In the dynamic-evolutionary perspective, we see that the world shows itself at the three levels of cosmos, life, and mind. That's been a neglected area of religious thought. I offered some ideas about how mind shows itself via the biological brain in posts #10-#20.

As I see it, those findings of contemporary neurological studies which can help us most to become comfortable with this view of the human spirit (soul, person) is the understanding that consciousness is a naturally emergent result of cosmic and biological evolution. I've emphasized the ideas of Biogenetic Structuralism which calls itself "Anthropology Plus" in its attempts to understand the mystery of personal consciousness. It looks at biological evolution, neurophysiology and cultural anthropology together.

It's not an easy perspective to grasp, to be sure. My efforts to spell out basic neurological ideas in posts #12 and #13 on the Cognitive Extension of Prehension and the Cognized Environment are a challenge for many, but those concepts are essential aspects of the Immense Transition humanity is currently experiencing.
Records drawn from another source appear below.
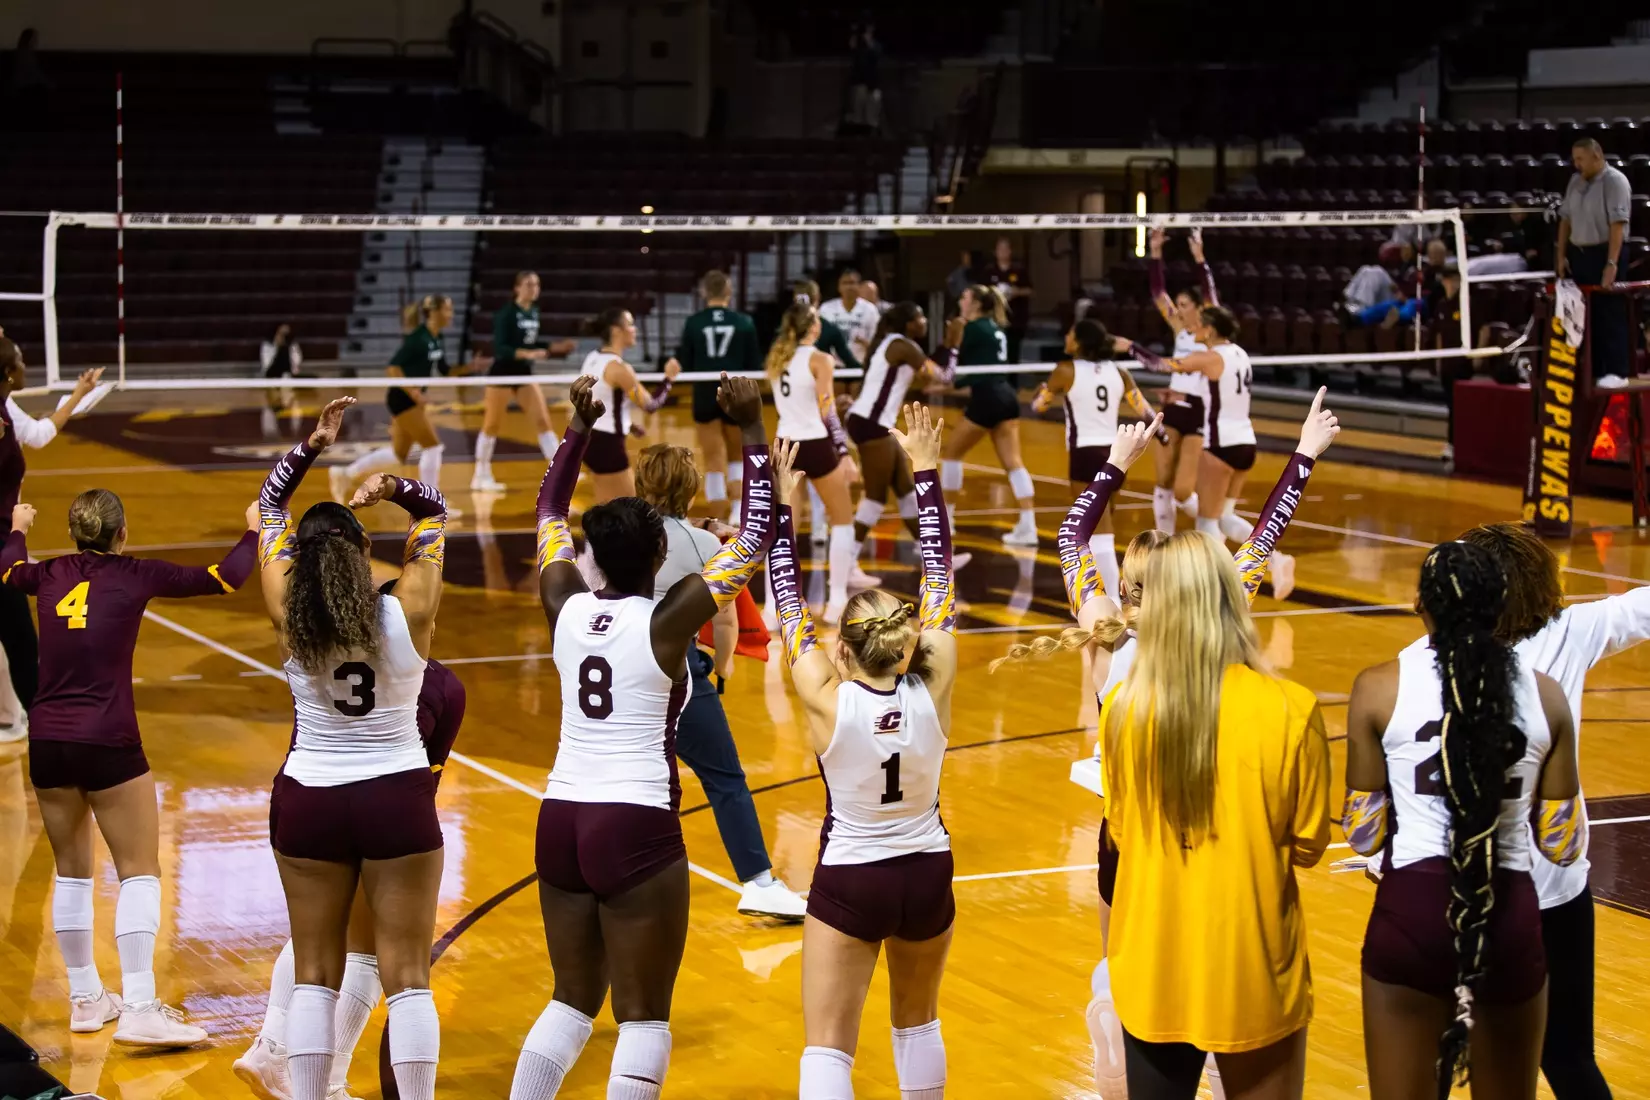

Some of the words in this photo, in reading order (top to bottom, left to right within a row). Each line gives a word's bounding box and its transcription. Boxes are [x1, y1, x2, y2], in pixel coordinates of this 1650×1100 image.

[702, 325, 735, 358] 17
[780, 371, 791, 397] 6
[1096, 385, 1109, 412] 9
[730, 479, 771, 563] CHIPPEWAS
[918, 506, 949, 594] CHIPPEWAS
[1058, 490, 1097, 575] CHIPPEWAS
[1247, 484, 1302, 563] CHIPPEWAS
[56, 581, 90, 629] 4
[770, 538, 803, 625] CHIPPEWAS
[333, 661, 376, 717] 3
[578, 655, 614, 720] 8
[881, 752, 903, 805] 1
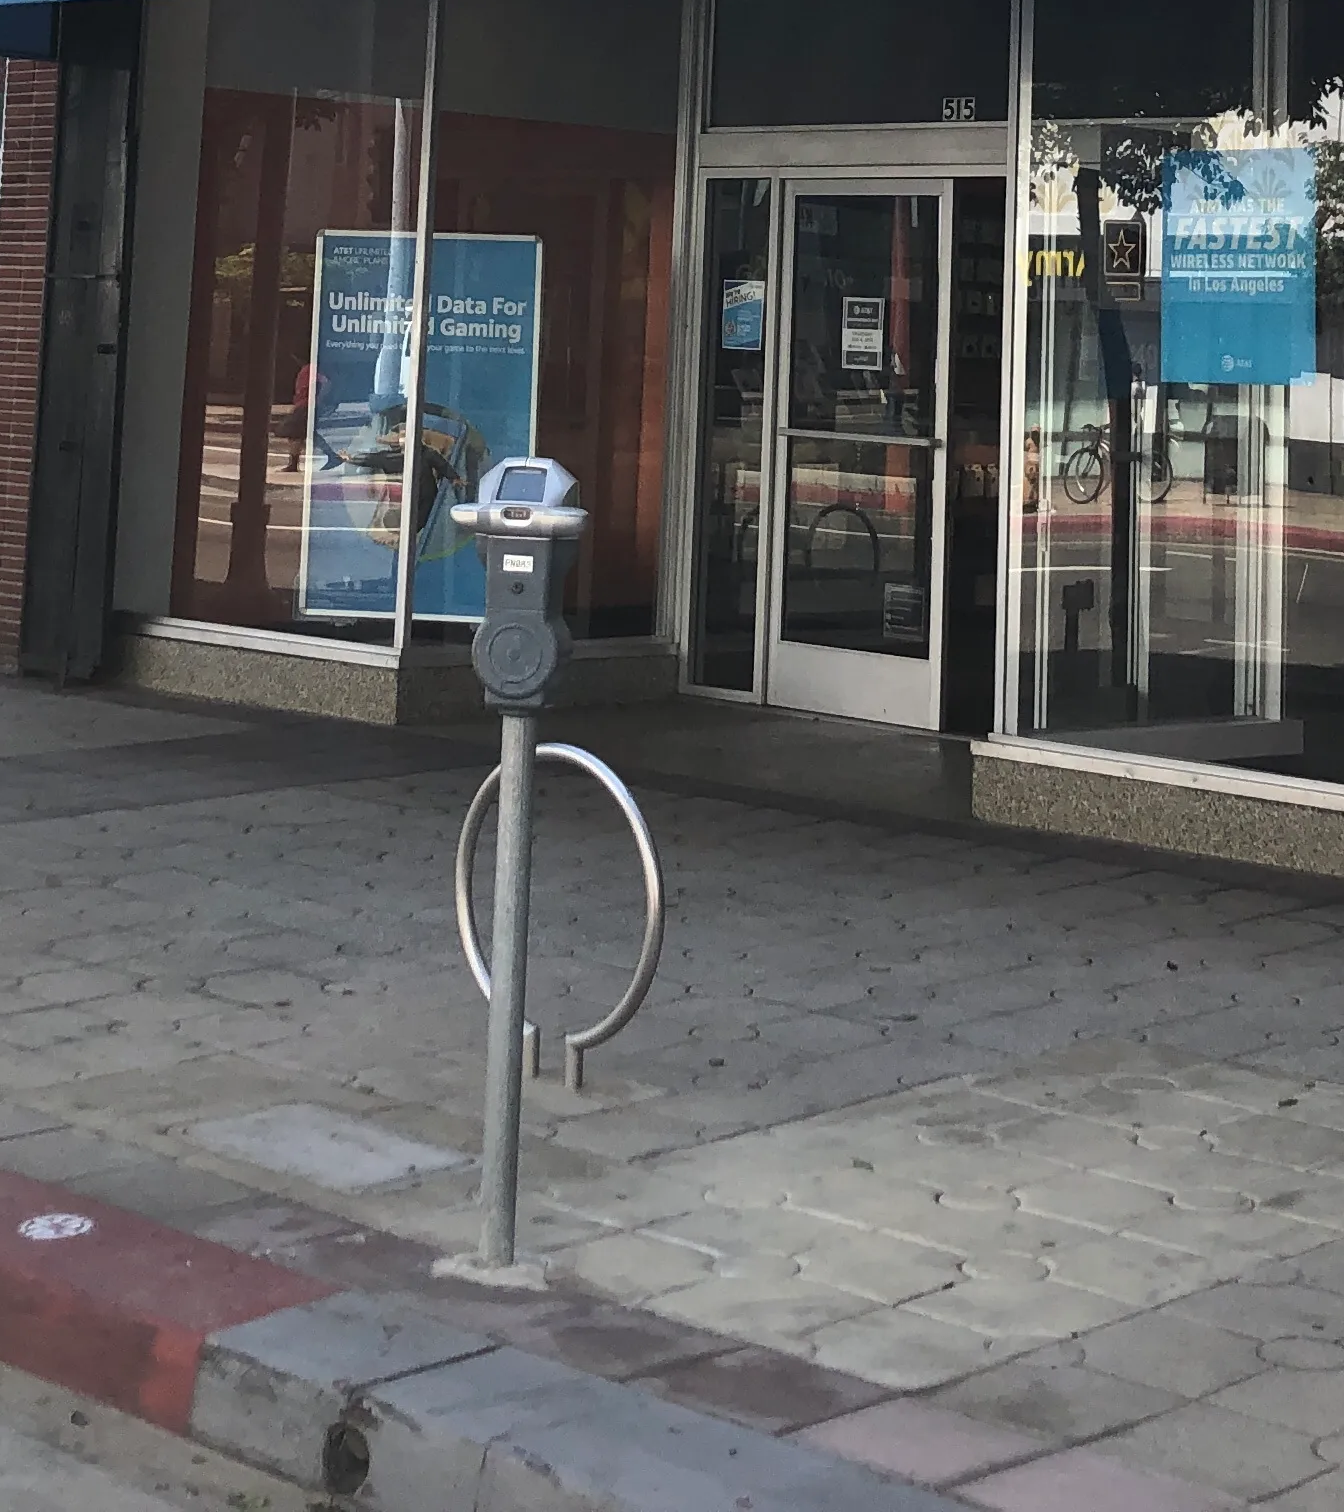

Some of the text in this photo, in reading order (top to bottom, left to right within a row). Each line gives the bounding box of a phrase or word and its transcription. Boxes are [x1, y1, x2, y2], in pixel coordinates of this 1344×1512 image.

[944, 98, 974, 120] 515
[1259, 197, 1285, 213] THE
[1173, 216, 1305, 250] FASTEST
[1171, 253, 1306, 269] WIRELESS NETWORK
[1205, 276, 1227, 292] Los
[1230, 276, 1284, 296] Angeles
[329, 291, 526, 316] Unlimite Data For
[725, 291, 756, 308] HIRING!
[332, 314, 522, 343] Unlimitd Gaming
The main idea is that soul (spirit, person, mind, consciousness) is the natural next step in biological evolution after the appearance of our primate relatives. And saying that in no way denies, of course, the existence of an incomprehensible source standing behind the whole evolutionary process telling us "Grow! Grow!"

In a recent op-ed piece, "The Neural Buddhists," in the New York Times (13 May 08), columnist David Brooks writes that the science-religion debate is now shifting to a focus on neuroscience. He says, "The revolution in neuroscience is having an effect on how people see the world." (Indeed! It's been described as "possibly the most important cultural issue of our time.") Brooks notes specifically that "The cognitive revolution is not going to end up undermining faith in God, it’s going end up challenging faith in the Bible."
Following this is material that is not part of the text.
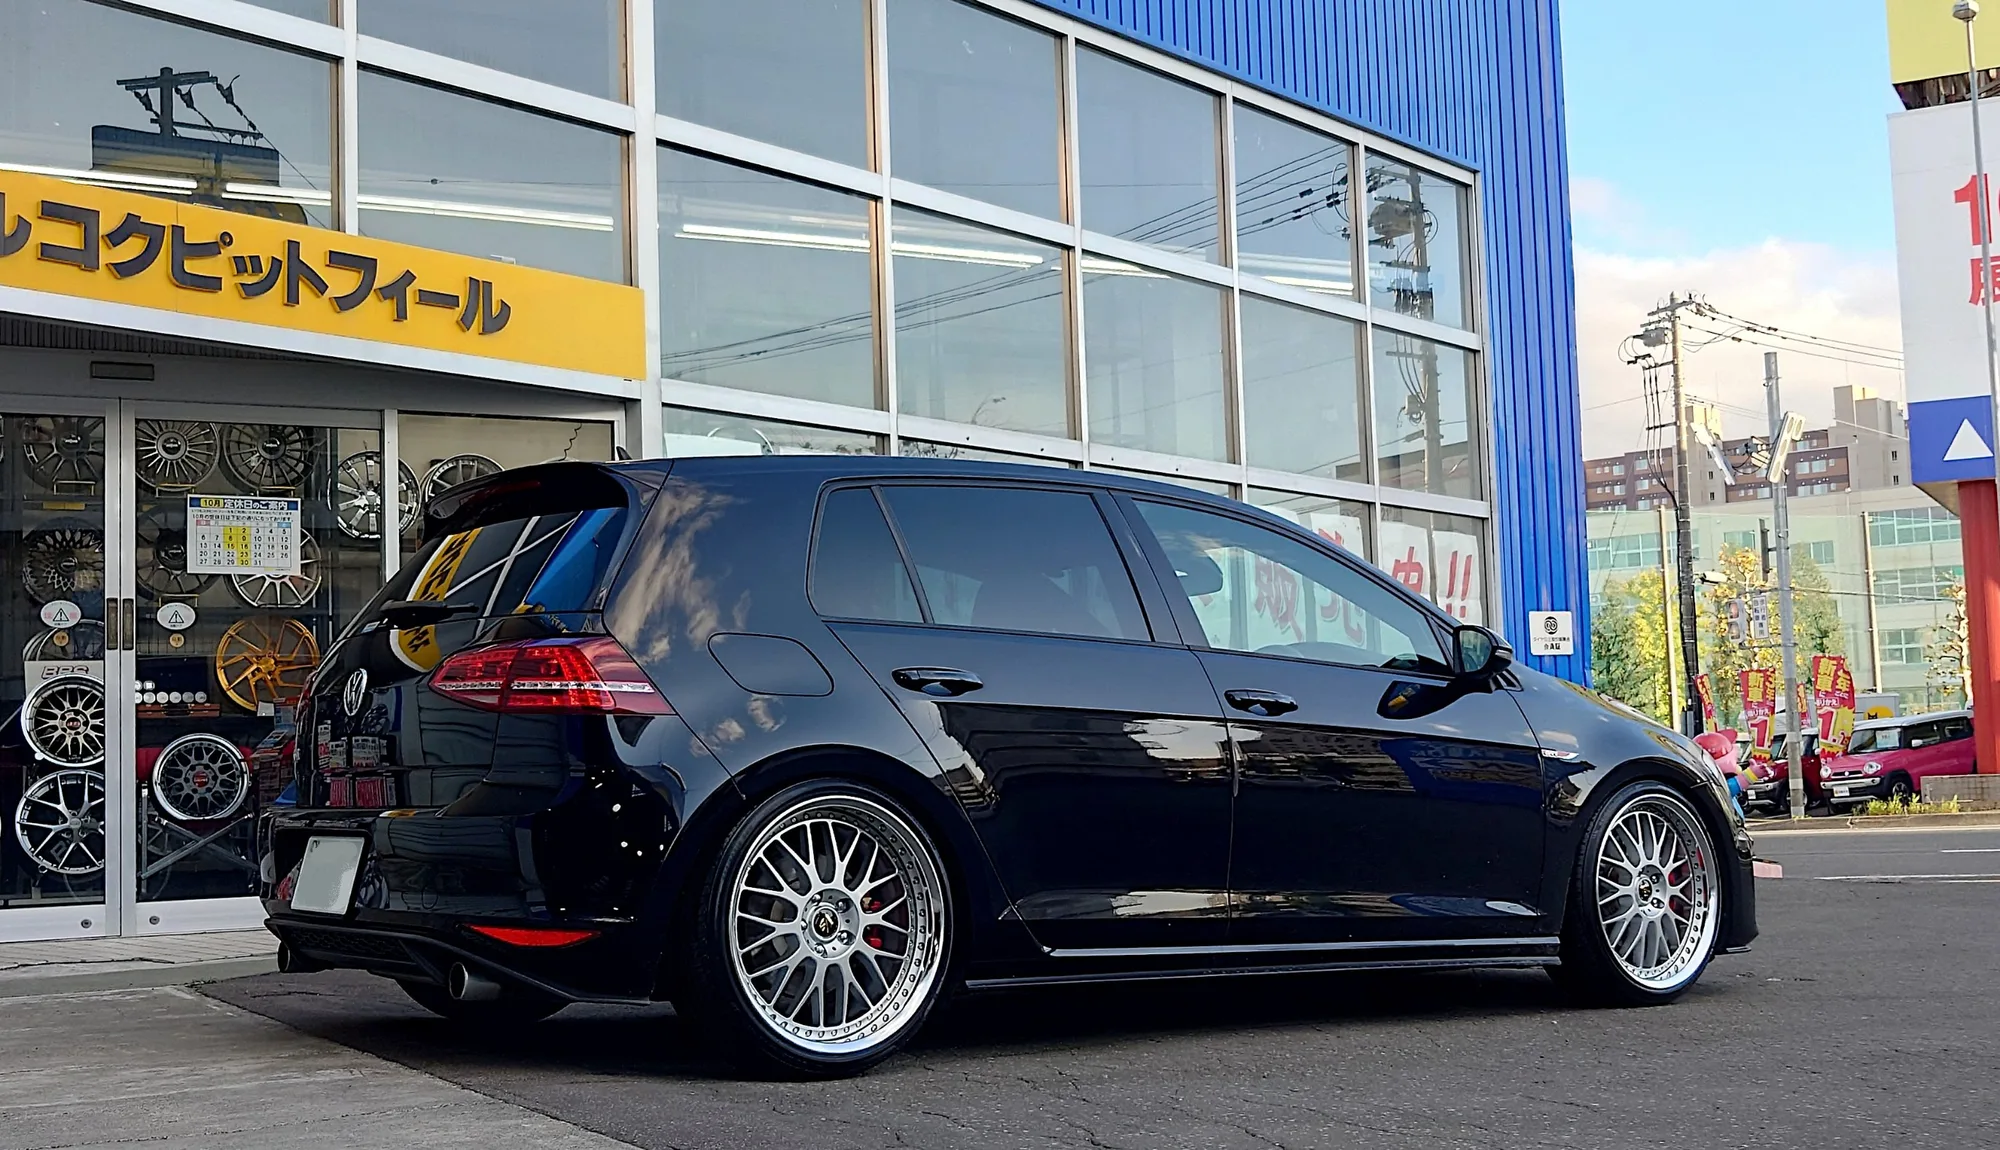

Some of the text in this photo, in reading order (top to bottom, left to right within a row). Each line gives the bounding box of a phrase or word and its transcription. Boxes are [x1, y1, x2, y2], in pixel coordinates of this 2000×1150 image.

[203, 499, 288, 510] 10月 定休日のご案内
I don't often agree with David Brooks; one of my earliest posts, #5, has some very negative things to say about his science-religion views. But I agree with his main point here, although I'd put it a little differently. I don't think the cognitive revolution is "going end up challenging faith in the Bible" so much as that it's going to end up challenging a static understanding of the Bible.
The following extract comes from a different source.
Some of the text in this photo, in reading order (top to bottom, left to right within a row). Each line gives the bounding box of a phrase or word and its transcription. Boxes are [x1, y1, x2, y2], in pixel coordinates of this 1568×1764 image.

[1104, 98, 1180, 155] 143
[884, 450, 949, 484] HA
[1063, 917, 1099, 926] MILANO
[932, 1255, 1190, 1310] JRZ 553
When we look at the Bible stories from the dynamic-evolutionary perspectives of contemporary science, we can see that what they are all about is nothing less than early versions of the same dynamic-evolutionary perspectives which contemporary science is making known to us. As briefly as I can say it: The evolutionary worldview is precisely what the Judeo-Christian tradition is all about. And that is the convergence I'm referring to when I call this blog "sharing thoughts about the convergence of science and religion."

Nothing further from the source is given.